Figure 4: Average Profit over time. These profits are averaged over 2000 simulations.
Figure 4 displays average profit over time in simulation. We see that on average, our AI is generating more profit as the days progress in our simulation. This suggests that our AI is learning to make better decisions (i.e. better price moves) as time goes on. We see that by day 60 in our simulations, we are on average producing almost $2K more in daily profit than when our simulations started. This suggests that we are making sizable gains in profit in as short of a time as two months.
We have several avenues of future work:
We can add more features to state signal of our simulated environment. In particular, it may be useful to consider how macroeconomic trends fit into the broader picture of the economy that Wayfair interacts with.

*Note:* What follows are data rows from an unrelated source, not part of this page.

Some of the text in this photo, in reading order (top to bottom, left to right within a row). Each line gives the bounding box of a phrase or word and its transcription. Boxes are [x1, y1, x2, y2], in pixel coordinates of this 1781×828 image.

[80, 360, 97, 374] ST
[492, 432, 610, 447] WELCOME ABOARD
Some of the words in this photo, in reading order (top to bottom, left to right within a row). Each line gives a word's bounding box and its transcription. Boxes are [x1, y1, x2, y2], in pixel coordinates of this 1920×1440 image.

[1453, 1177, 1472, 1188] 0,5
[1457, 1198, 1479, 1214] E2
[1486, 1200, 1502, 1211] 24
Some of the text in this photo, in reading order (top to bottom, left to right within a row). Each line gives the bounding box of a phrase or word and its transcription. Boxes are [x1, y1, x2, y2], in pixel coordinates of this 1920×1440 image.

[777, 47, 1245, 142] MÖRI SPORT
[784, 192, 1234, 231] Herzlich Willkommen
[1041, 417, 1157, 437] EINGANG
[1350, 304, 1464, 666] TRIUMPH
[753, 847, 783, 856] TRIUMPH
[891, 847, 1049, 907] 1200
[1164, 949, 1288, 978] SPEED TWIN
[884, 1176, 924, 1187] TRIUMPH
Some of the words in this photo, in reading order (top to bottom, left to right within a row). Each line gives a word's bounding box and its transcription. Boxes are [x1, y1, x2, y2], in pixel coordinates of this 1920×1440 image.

We can expand our AI’s decisions to cover a larger portion of the US catalog. Since our current results only account for 1% of revenue generated, we have room to grow if we want this AI to have more impact on Wayfair’s pricing strategy as a whole.
In a few months, we hope to deploy Relasta in the actual economic environment via a pricing experiment. We hope that our algorithm has learned enough in the simulated environment to make optimal price moves in the real world.